- Das Familienunternehmen Brista nutzt modernste Anlagentechnik, um Metalle zu stanzen, zu lochen und zu verformen. Dabei kommen seit über 20 Jahren auch Roboter von OTC zum Einsatz.
Roboter-Handling schwer auf Draht
Ein Teil des breiten Angebotes bilden Herstellung, Verzinken und Beschichten von Industrie- und Doppelstabmatten, die etwa zur Absicherung von Gewerbe- und Industriegrundstücken dienen. Der auf Spulen angelieferte Draht wird dabei über eine Ablaufhaspel auf einer automatischen Maschine gerichtet und auf Länge geschnitten. Diese Drahtstäbe werden in Bunde verpackt und einem automatisierten Widerstandsschweißprozess zugeführt. Eine Abstapelvorrichtung schichtet anschließend Gittermatten zur Weiterverarbeitung sortenrein zusammen.
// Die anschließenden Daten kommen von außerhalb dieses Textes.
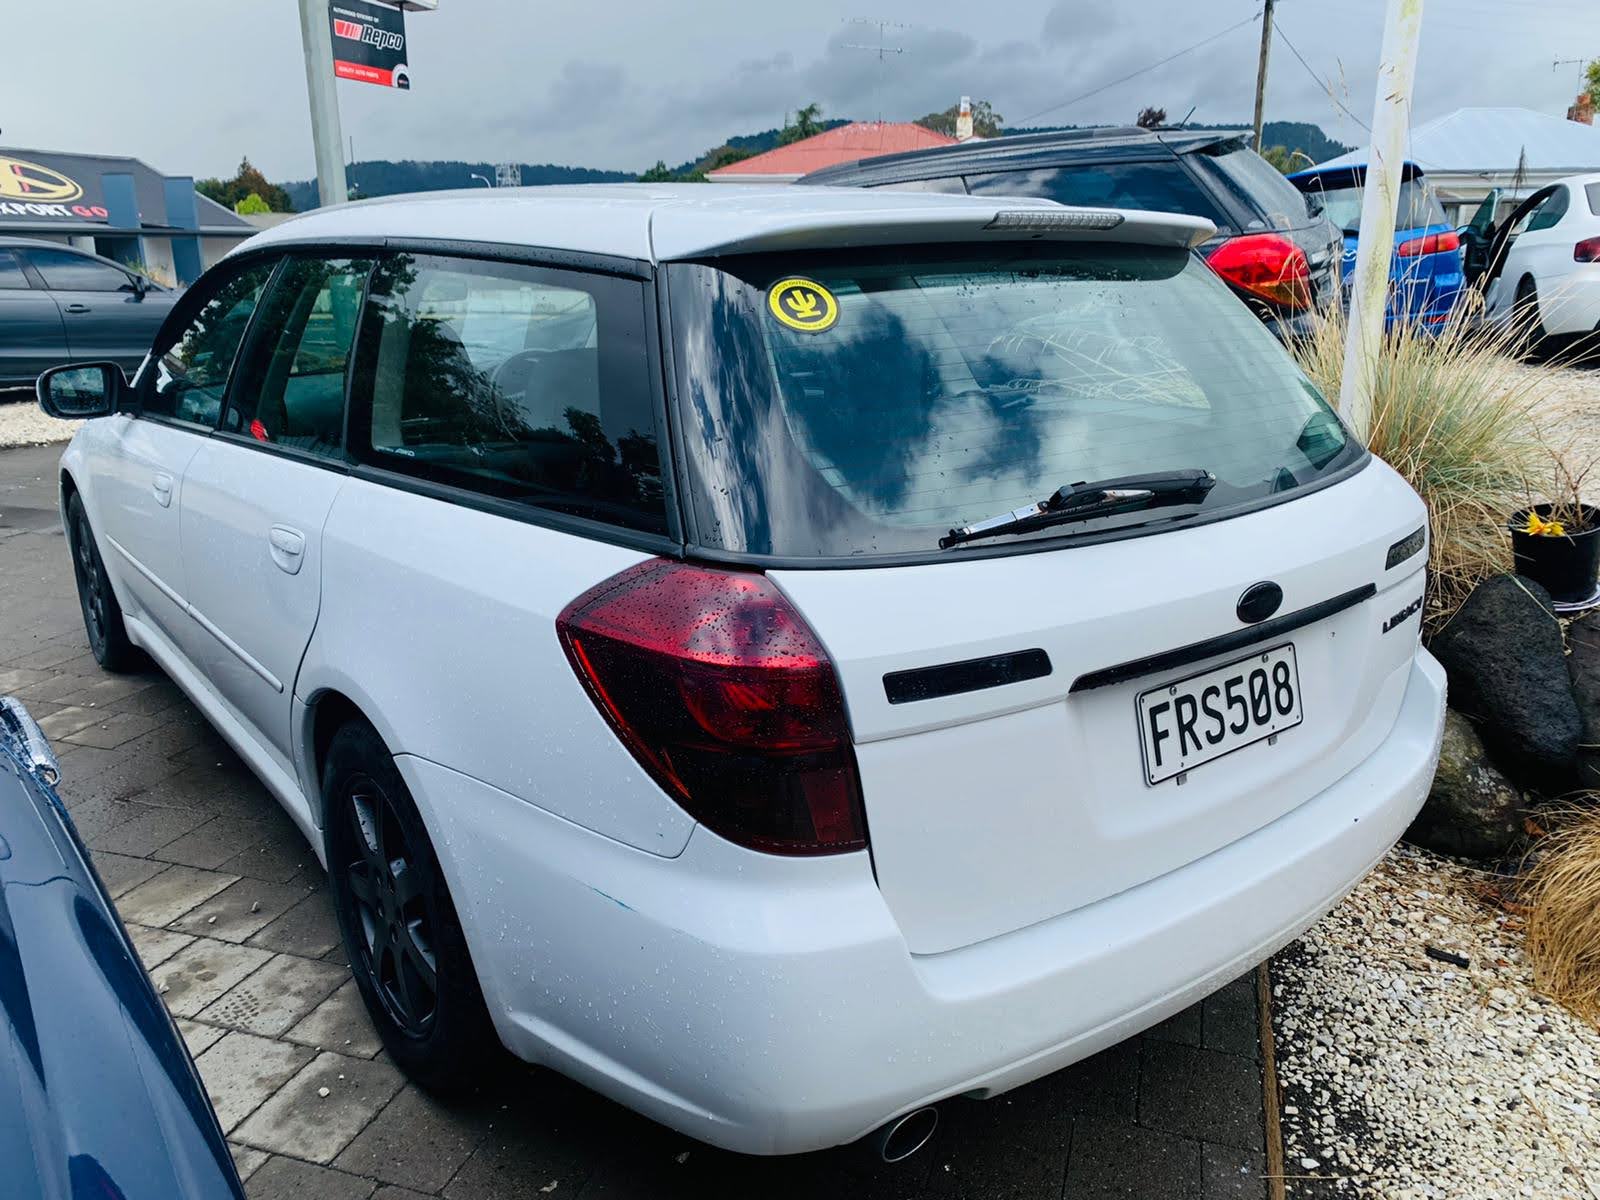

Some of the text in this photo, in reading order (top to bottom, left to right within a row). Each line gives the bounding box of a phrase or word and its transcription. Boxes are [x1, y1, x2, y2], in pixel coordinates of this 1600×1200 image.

Dann werden die Doppelstabmatten hochkant an ein Fördersystem gehängt, das sie durch die Pulverisierungsanlage führt. Bis vor kurzem mussten noch zwei Mann bis zu drei Matten manuell nacheinander in das Fördersystem einhängen. Um die körperliche Belastung der Mitarbeiter zu reduzieren und eine optimale Auslastung der Pulverbeschichtungsanlage zu erzielen, wollten die Entscheider diese Aufgabe über einen intelligenten Automatisierungsprozess lösen.
„Da wir bereits seit über 20 Jahren mit OTC Daihen im Bereich Robotertechnik für Schweißtechnologie zusammenarbeiten, lag es auf der Hand, sich auch bei Handlingapplikationen an unseren bewährten Partner zu wenden", erklärt Geschäftsführer Franz Brinkmann. OTC plante daher einen Handlingroboter mit anspruchsvollem Greifwerkzeug, der innerhalb von Sekunden die Matten vom Stapel aufnehmen und an das Fördersystem hängen sollte. Der AII-V500 eignet sich mit einer Tragkraft von bis zu 500 kg bestens für die Herausforderung.
Jeder Stapel setzt sich zwar aus Matten einheitlicher Größe zusammen – doch die nacheinander angelieferten Stapel können in ihren Formaten variieren. Sämtliche Stapel müssen jedoch ohne Zeitverzögerung in die Aufhängung gebracht werden. Der Handlingroboter wurde daher so programmiert, dass er halb beladene Aufhängungen so bestücken kann, dass diese auch bei Sortenwechsel auf volle Traglast kommen.
Bei der Programmierung galt es zudem zu berücksichtigen, dass die gestapelten Matten nicht immer passgenau übereinander liegen. Der Roboter muss also bei jeder Matte erkennen, wo genau sie aufzunehmen ist, damit sie den Balken und damit den zur Verfügung stehenden Raum der Pulverbeschichtungsanlage nicht überragt. Dies wurde über einen intelligenten Abstandssensor gelöst.
Selbst die Windlast, die beim Handling der 50 kg schweren Matten einwirkt, kann der Roboter durch seine eigene Statik und Wiederholgenauigkeit kompensieren. Allein der großformatige Greifer wiegt 350 kg und sorgt für eine zuverlässige Aufnahme. So lassen sich die Matten in vier Metern Höhe auf einen starren Aufnahmehaken setzen, obwohl Eigendynamik und Schwingverhalten der Elemente dagegen arbeiten.
Von der Konzeption bis zur Auslieferung dauerte es knapp vier Monate. Aufgrund der erfolgreichen Umsetzung dieses Handlingprozesses denken die Entscheider bei Brista nun auch über einen automatisierten Übergabeprozess der Matten im Anschluss an die Beschichtung nach.